- _RECORDS FOR PROCESSING_:
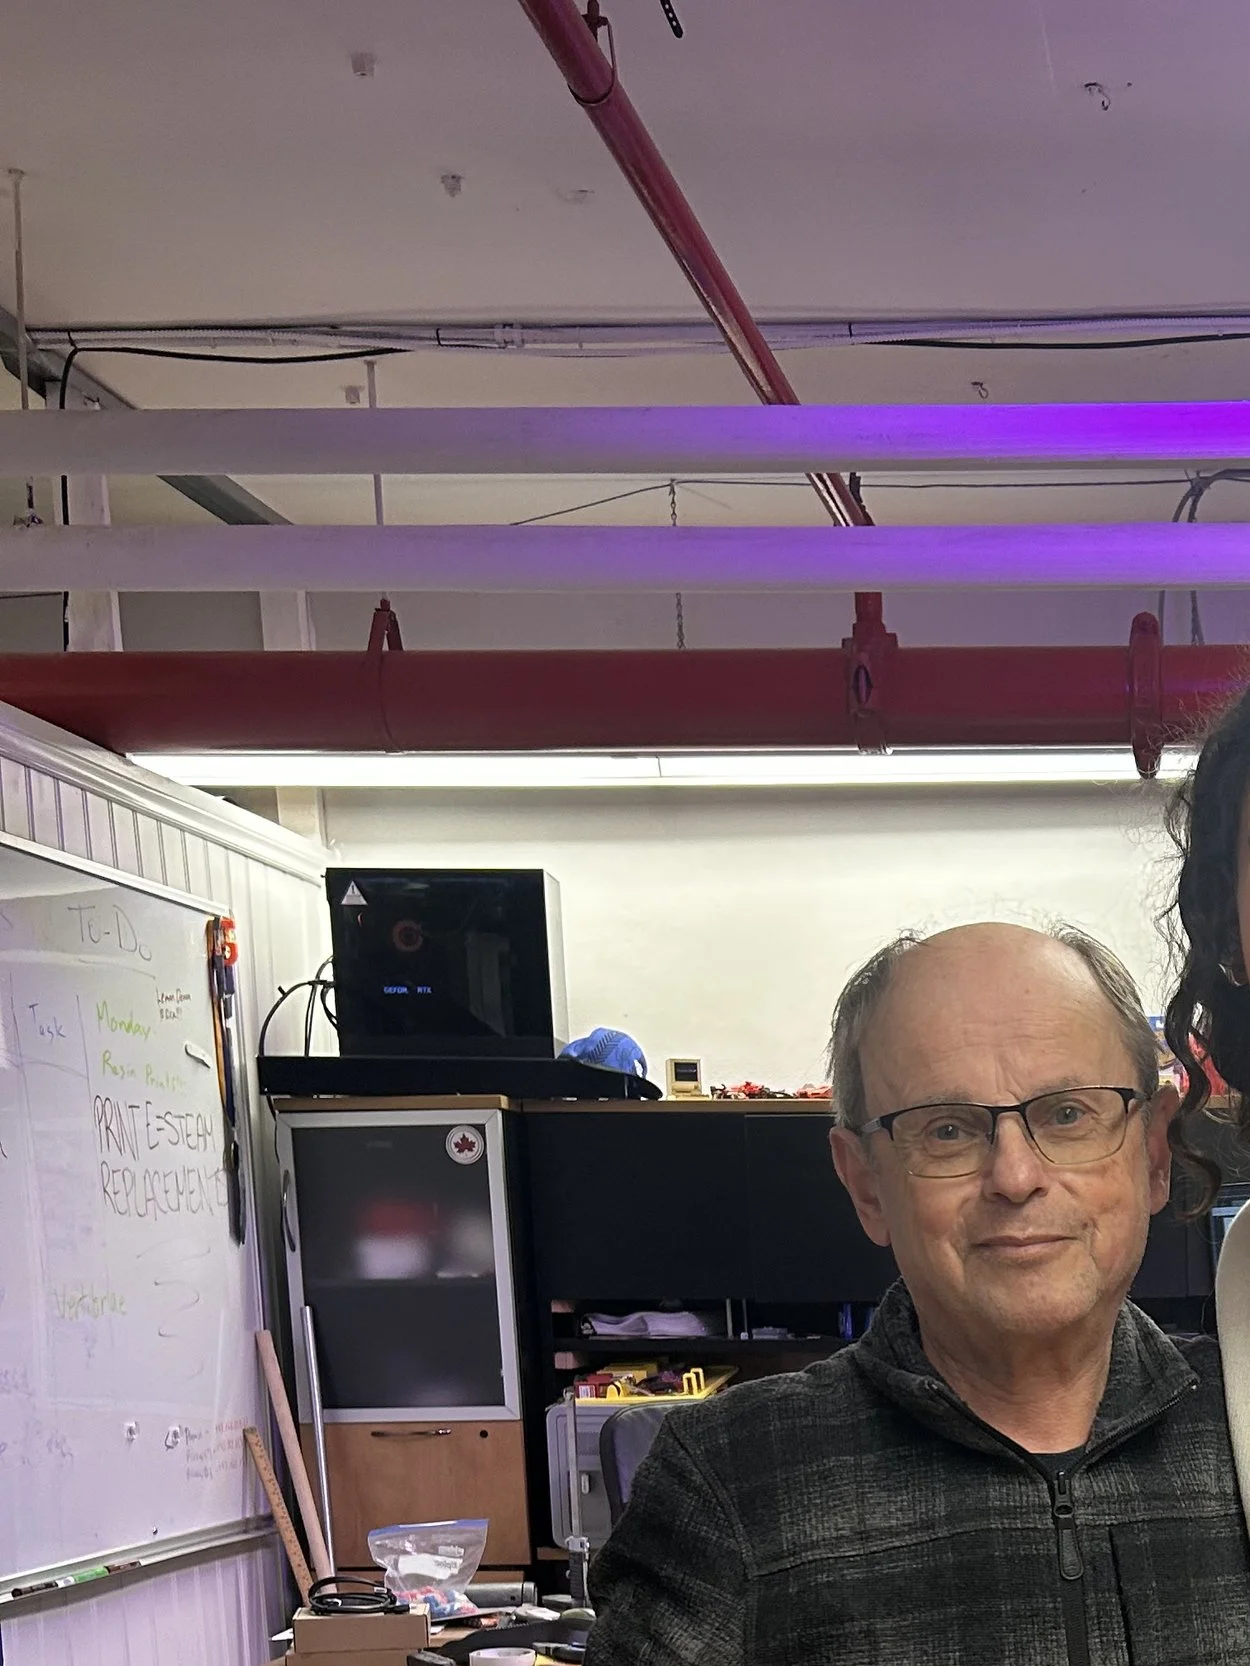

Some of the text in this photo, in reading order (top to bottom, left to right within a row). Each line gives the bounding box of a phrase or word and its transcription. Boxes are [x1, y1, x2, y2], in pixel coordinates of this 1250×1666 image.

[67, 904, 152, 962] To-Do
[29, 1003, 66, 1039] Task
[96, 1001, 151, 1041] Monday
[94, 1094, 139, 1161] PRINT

- _TASK INSTRUCTIONS_:
From the first line to the last, copy the listing above exactly, dropping all images.

- _SOLUTION TO THE PROBLEM_:
Some of the text in this photo, in reading order (top to bottom, left to right within a row). Each line gives the bounding box of a phrase or word and its transcription. Boxes are [x1, y1, x2, y2], in pixel coordinates of this 1250×1666 image.

[67, 904, 152, 962] To-Do
[29, 1003, 66, 1039] Task
[96, 1001, 151, 1041] Monday
[94, 1094, 139, 1161] PRINT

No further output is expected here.